For starters, the Legislature proposes to split the seven-member Florida Supreme Court into two Supreme Courts of five members each, one for civil cases and the other criminal. The immediate effect would give Gov. Rick Scott three quick appointments that will suit him and the Legislature better than the current bunch.

Next, the Legislature proposes to end the last vestige of "merit selection" of Florida judges, and make the system completely political.
It used to be that committees made up of members of the public and the Florida Bar screened judicial nominees and sent a list of finalists to the governor to choose from.

But as soon as Florida had both a Republican Legislature and a Republican governor in Jeb Bush, lawmakers gave the governor more power over the nominating councils. The result was a series of nakedly political appointees by Bush, including the hacks on the 1st District Court of Appeal who stole that "Taj Mahal" courthouse from the taxpayers.

Yes, we remember in 2006, when Jeb Bush tried the power grab for himself. Since 2001, he already had power over who was named to the Judicial Nominating Commission. He now wanted supreme rule: The headline at the time was 'A new lawsuit seeks to stop the election of 55 new Florida judges, who would instead be appointed by Gov. Jeb Bush.'

I swear, these guys scream about unelected judges, yet they want total control in naming them via partisan political appointments. This is similar to Karl Rove's war on US Attorneys who wouldn't toe the line. These hypocrites have the stink of dead rats.

Now, they want total power over who is nominated to become a judge in the state of Florida, cutting it out of the hands of public and the Florida Bar, where it has traditionally been.

Can't have the public or the Bar involved in nominating judges, no siree.

It's no longer good enough for the GOP-controlled Legislature to have had the power to stack the Judicial Nominating Commission all this time. Now they want TOTAL control over the entire process of naming judges.

Troxler also points out several more chilling details:

1. With no more merit selection, this bill declares that all Supreme Court and Appeals judges must then be approved by the state Senate. And this bill would give the Senate 6 months after appointing a judge to decide whether to confirm him or her.
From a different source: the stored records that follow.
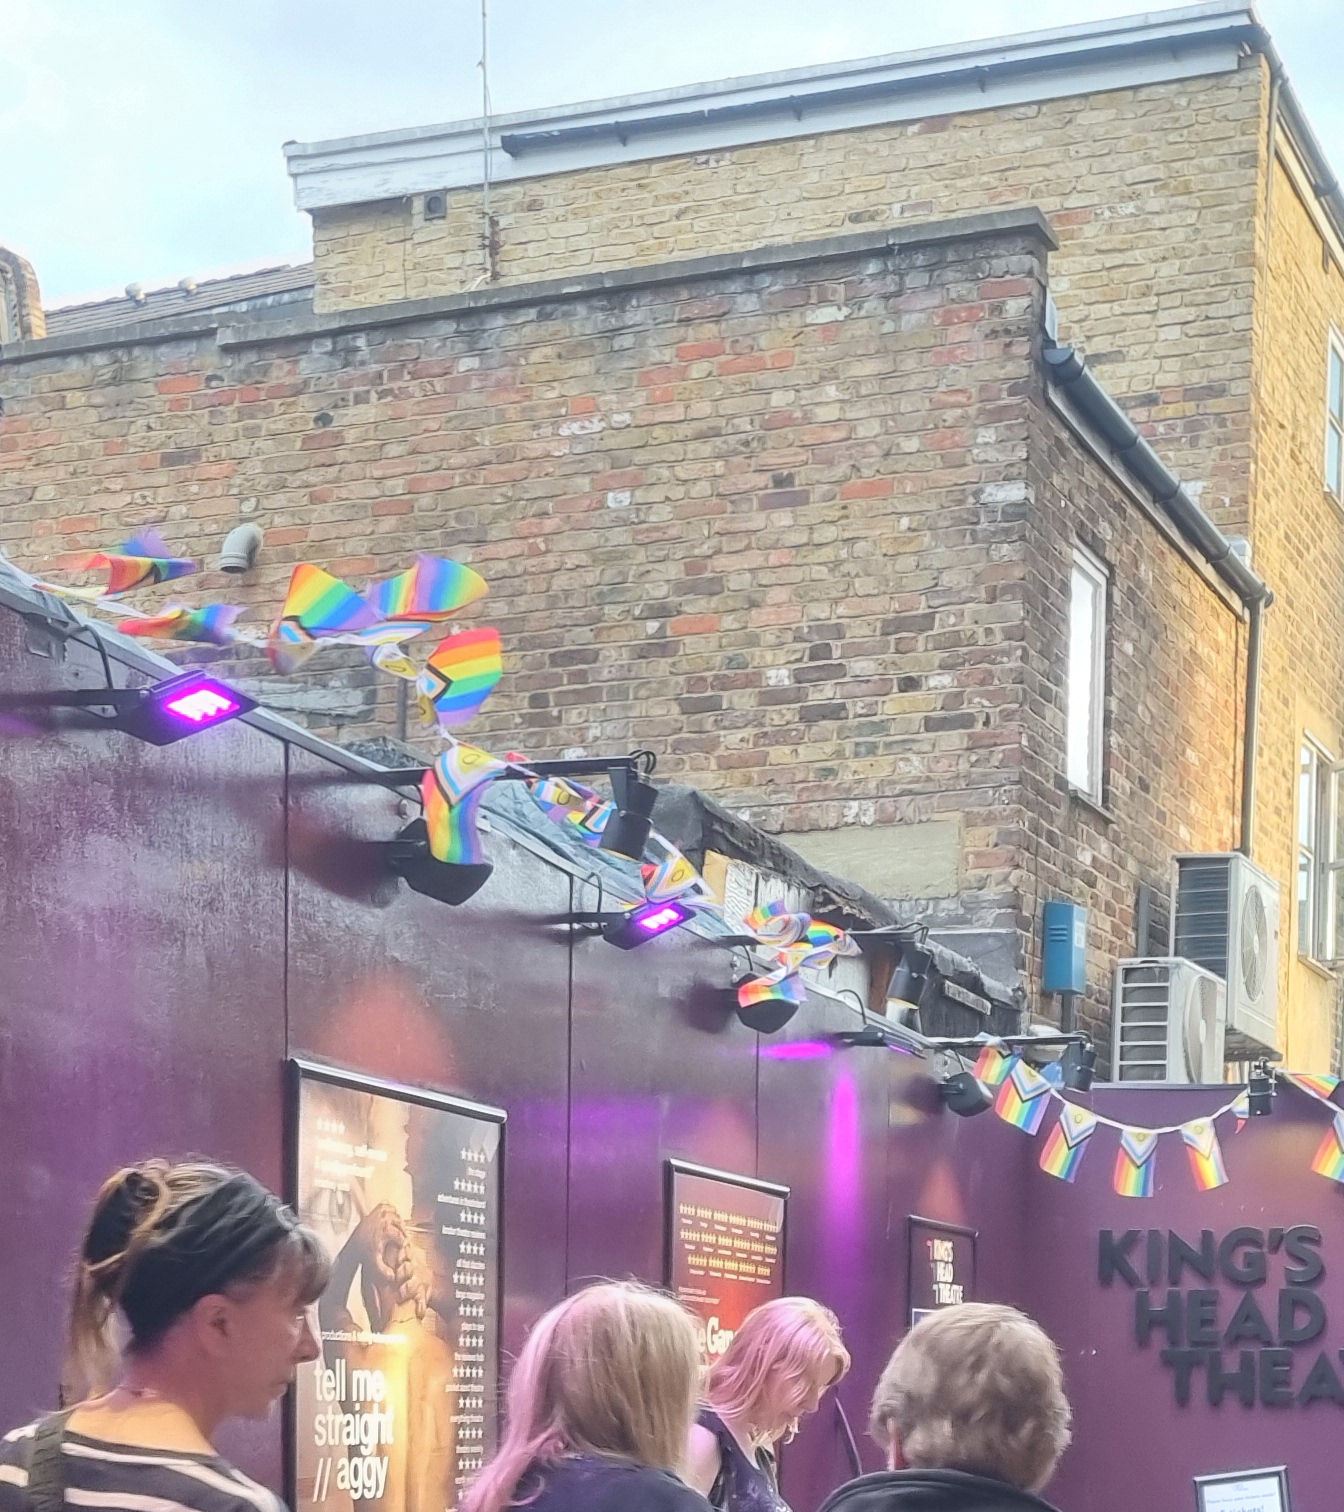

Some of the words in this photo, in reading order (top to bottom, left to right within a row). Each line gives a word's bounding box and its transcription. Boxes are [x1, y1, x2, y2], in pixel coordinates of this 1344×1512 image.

[1098, 1224, 1326, 1288] KING'S
[1134, 1287, 1328, 1348] HEAD
[314, 1358, 347, 1401] tell
[352, 1369, 386, 1402] me
[314, 1403, 394, 1456] straight
[337, 1456, 389, 1500] aggy
2. All Appeals judges would be on probation for 6 months, and would be subject to firing during that period if they ruled unfavorably to the Legislature.


And if you think that is paranoid, remember that the Senate performed exactly such an assassination last year, when it booted two new members of the Public Service Commission who had dared to vote against big electric rate hikes.
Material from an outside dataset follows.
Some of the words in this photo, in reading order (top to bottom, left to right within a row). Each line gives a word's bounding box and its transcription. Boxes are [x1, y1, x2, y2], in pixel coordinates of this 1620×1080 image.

We remember how that went down last year. Vote down those Big Utility rate hikes, baby, and you're off the Commission in a heartbeat.

The Florida Public Service Commission in itself is a perverse revolving door between regulating the utilities (heh) and later working/lobbying for those same utilities after leaving the Commission. But that's another story.
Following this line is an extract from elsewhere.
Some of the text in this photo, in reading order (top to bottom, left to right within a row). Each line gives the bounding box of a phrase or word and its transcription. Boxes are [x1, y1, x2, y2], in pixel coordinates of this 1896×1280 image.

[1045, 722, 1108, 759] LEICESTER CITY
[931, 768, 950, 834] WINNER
And another way this bill would dismantle our judicial system (from Troxler's piece):

3. The GOP-controlled Legislature would bestow upon itself 'final approval of all the rules of procedure, evidence and conduct that govern Florida's judicial branch.'

This is nothing short of this GOP Legislature working for a complete and total abolition of the Judicial Branch of our state government.

Troxler concludes:


Two state Supreme Courts, newly packed with the governor's buddies. A totally political nominating system with no check on the governor's choices. Appeals judges subject to being removed on the spot if the Legislature doesn't like a ruling. The Legislature controlling the rules of evidence, of procedure, and operation of the judicial branch.

It is revolution. It is constitutional usurpation. It is practically a whole new form of government.

But I'll tell you what it ain't. It ain't "conservative."


And this bill is sailing right along in the Legislature.

From a commenter to Troxler's article at the Times:

Now I understand why past generations always had MUCH higher taxes on the wealthy than we do today. It's because taxing them is the only way to get them to pay up for all of the damage they cause to society in the first place. We wouldn't need so much costly insurance on everything, and protection from financial ruin if there weren't scumbags out there, always scheming on how to rip people off, and keep ill-gotten gains for themselves without being held accountable. To these people, there is no such thing as a 'constructive' solution. Their ethos is to deceive, to take, and to destroy. We tax these people to pay for the destruction they cause, pure and simple. And for 30 years now, we've seen with our own eyes what happens when you trust a single word they say. It's time to stop these thugs from destroying any more of America than they already have. America was founded by the common man escaping the oppression of the wealthy oligarch. They oppress us, not the other way around.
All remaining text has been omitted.